N.op = @(x,u) ... % define the ODE, with diff(u,k) = kth derivative of u

N.bc = ... % boundary conditions

Order of accuracy, convergence, stability, etc.

See here for explanation of local truncation error (LTE), used to find order of accuracy (what we call accuracy above, $O(k^2)$, i.e. error decreases with the square of the time step.

Convergence and Stability

Theory of convergence of multistep formulas by Dahlquist (1956). Analogs for RK too.

Key definitions:

consistent: order of accuracy > 1.

stable: if for f(t,u) = 0 all the solutions are bounded.. I.e. does error grow or stay bounded.. See here too.

convergent: $v\rightarrow u$ for each fixed $t$ as $k \rightarrow 0$ (ignoring rounding errors, from computing..).

Dahlquist equivalence theorem:

The Adams formulas are consistent and stable, hence convergent

Adaptive ODE codes adapt step size and other parameters so that estimated errors (using methods above, like LTE) are smaller than a prescribed value.

Chaos and Lyapunov exponents. The Lorenz equations. Sinai billiards is another famous chaotic system.

Stability regions regions of $ka$ space ($a$ is a parameter in the model ode, a=0 corresponds to f=0, as defined above for stability, I guess here we are being more general..) in which solutions remain bounded (this is achieved when characteristic polynomial of the recurrence relation, obtained by the finite difference method, has roots with $|r| \leq 1$ and any root $|r|=1$ is simple). See here too.

Stiffness. A stiff ODE is one with widely varying time scales. One may need very small $k$ because there are modes with $ka$ (i.e. part of equation which create behaviour corresponding to certain $a$ value) outside stability region, even if our solution of interest has effective $ka$ inside it.

This is manifested as our solution changing on a long timescale, but depending on short time-scale terms in equation.

Solution: backward-differentiation formulas, or implicit formulas, that include $f(v_{n+1}, t_{n+1})$, unlike explicit formulas. (Implicit numerical method)

These require solving a (generally) nonlinear equation (or a system of equations for PDEs). And this may need to be solved numerically itself often, for example by Newton's method.

Aside. We've been discussing IVPs here only.
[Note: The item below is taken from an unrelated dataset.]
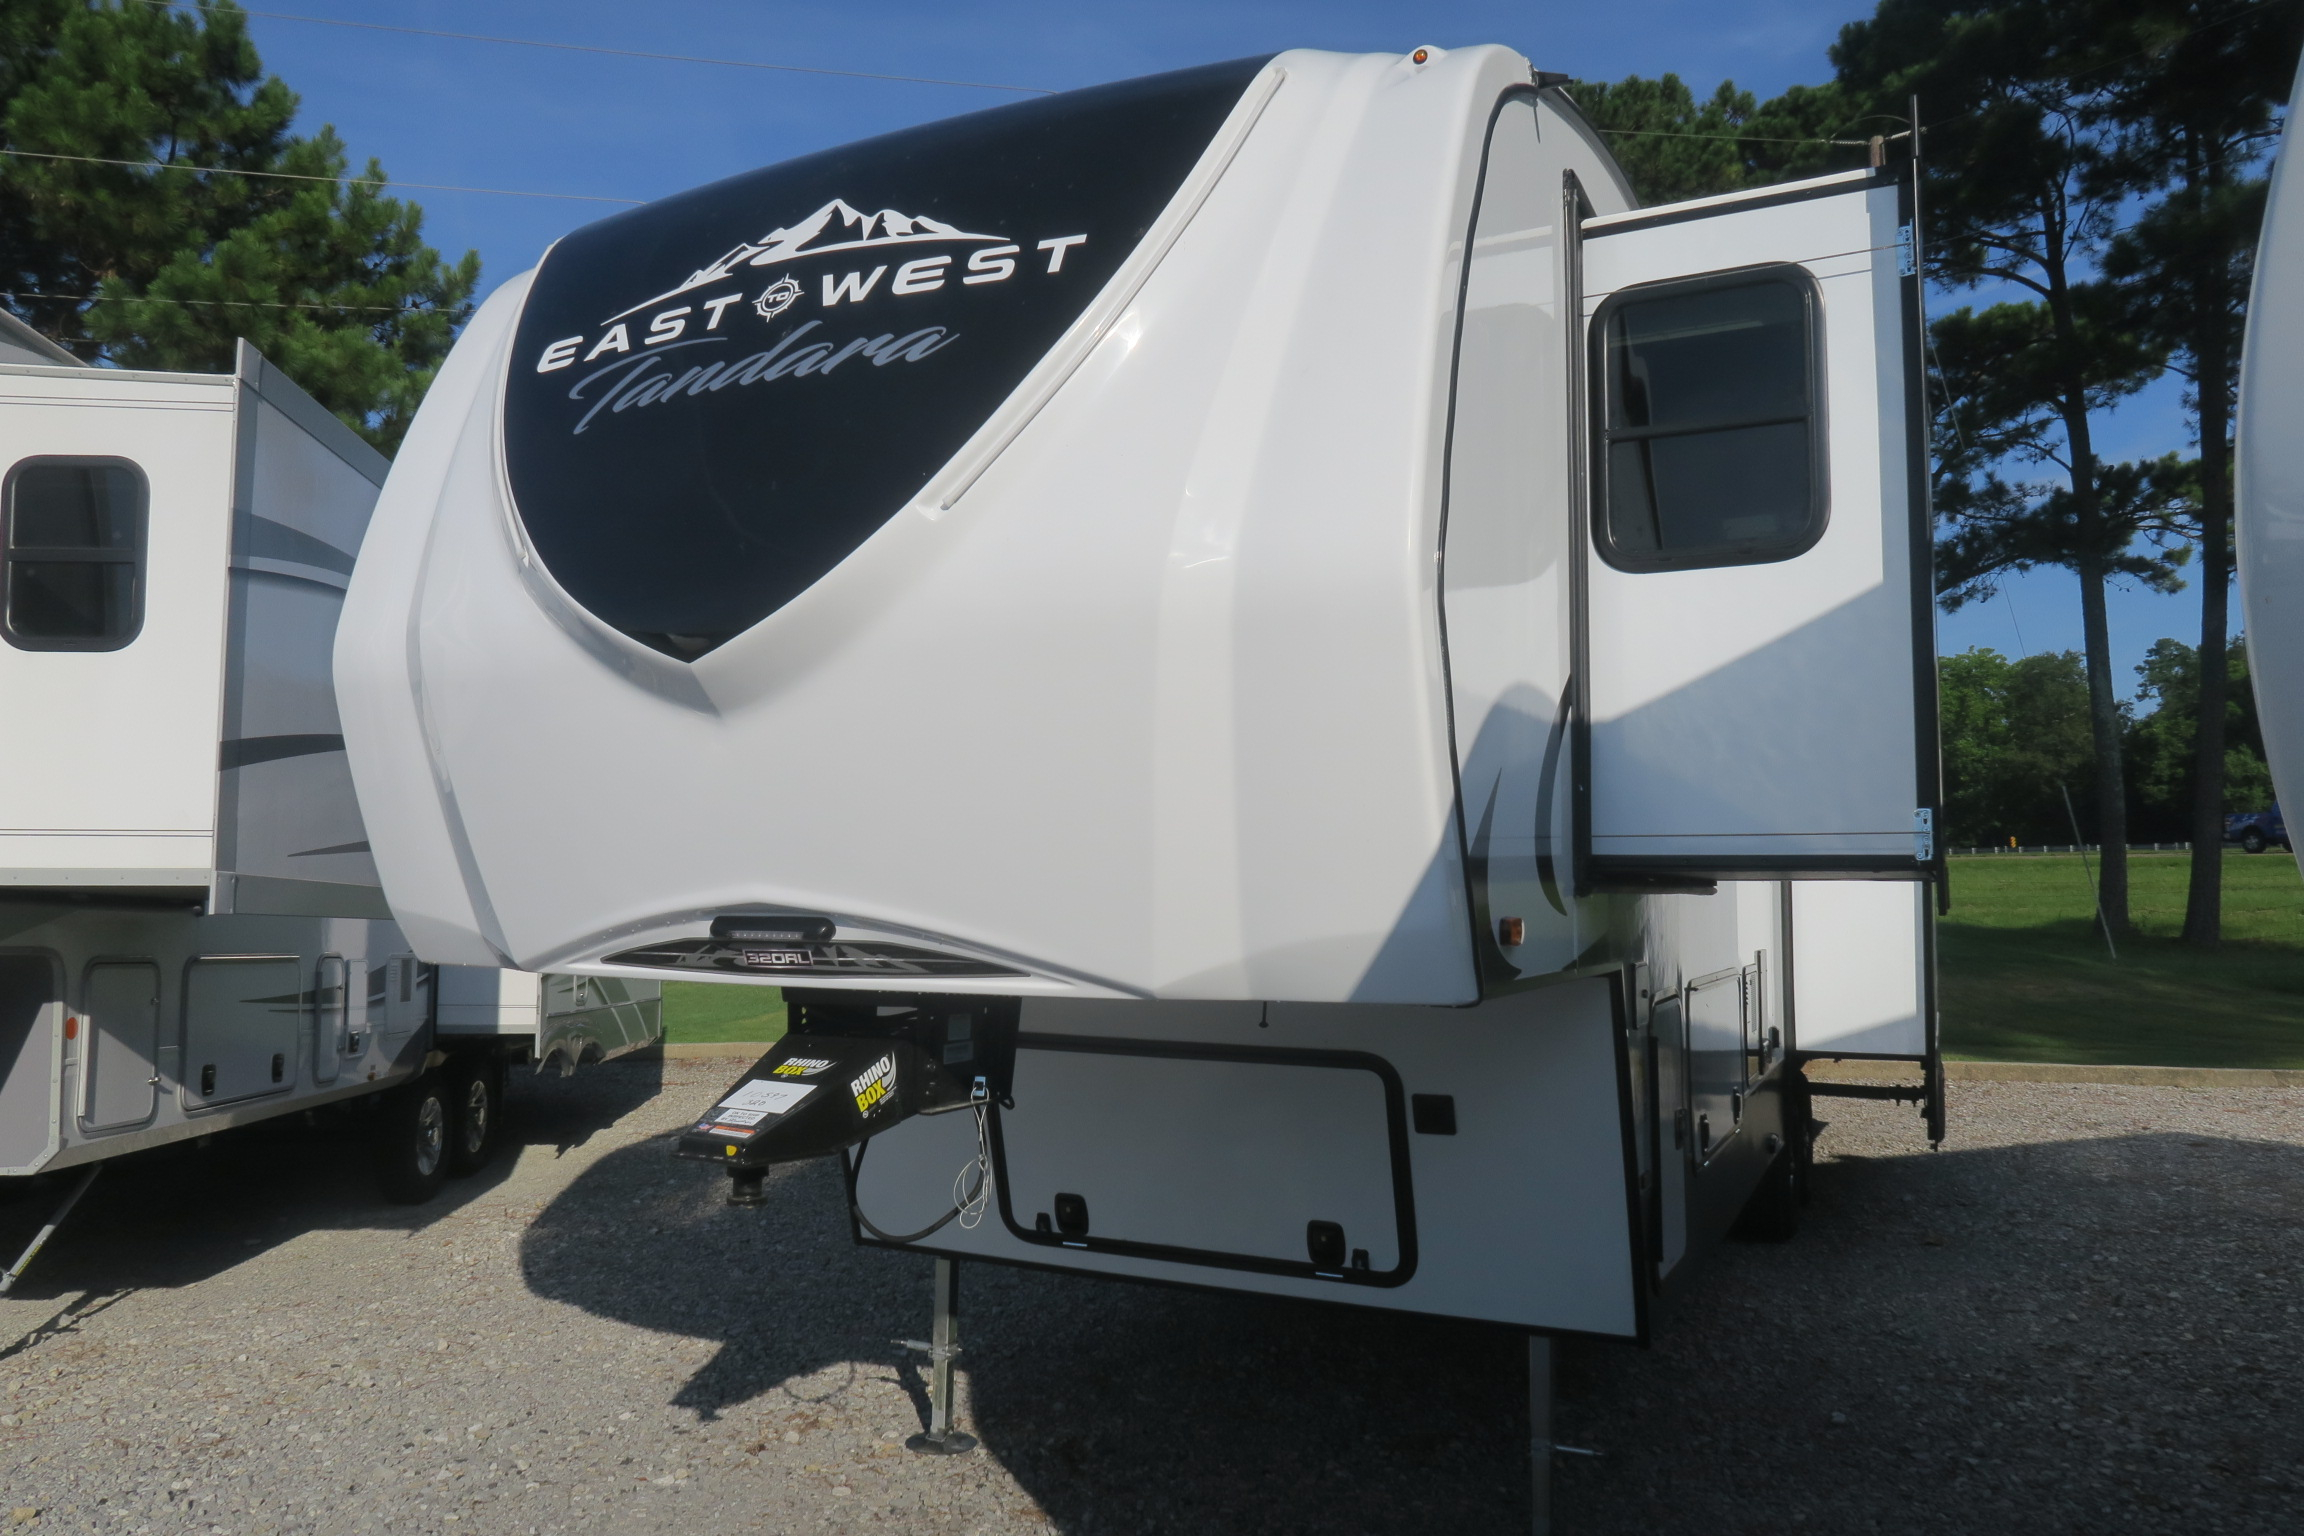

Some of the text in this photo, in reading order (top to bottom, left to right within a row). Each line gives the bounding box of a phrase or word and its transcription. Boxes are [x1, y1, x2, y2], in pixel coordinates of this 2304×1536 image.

Boundary value problems (BVP) also important. Nonlinear BVP may not have unique solutions! (unlike IVP).

Can use chebfun to solve.

Numerical methods for PDEs

• Finite element methods for complex geometries
• Finite volume methods for Hyperbolic geometry
• Finite difference method for simple geometry.

Books:

Griffiths & Higham, 2010 - introduction to numerical ODE

Iserles, 2009 - includes connection to PDEs

LeVeque, 2007 - likewise

Hairer, Norsett & Wanner I & II - authoritative; full of fun and historical remarks

Ascher & Petzold 1998 - also includes DAEs (differential-algebraic equations, which combine ODEs and nonlinear eqs)

Deuflhard & Bornemann, 2002

Trefethen, old online textbook (http://people.maths.ox.ac.uk/trefethen/pdetext.html)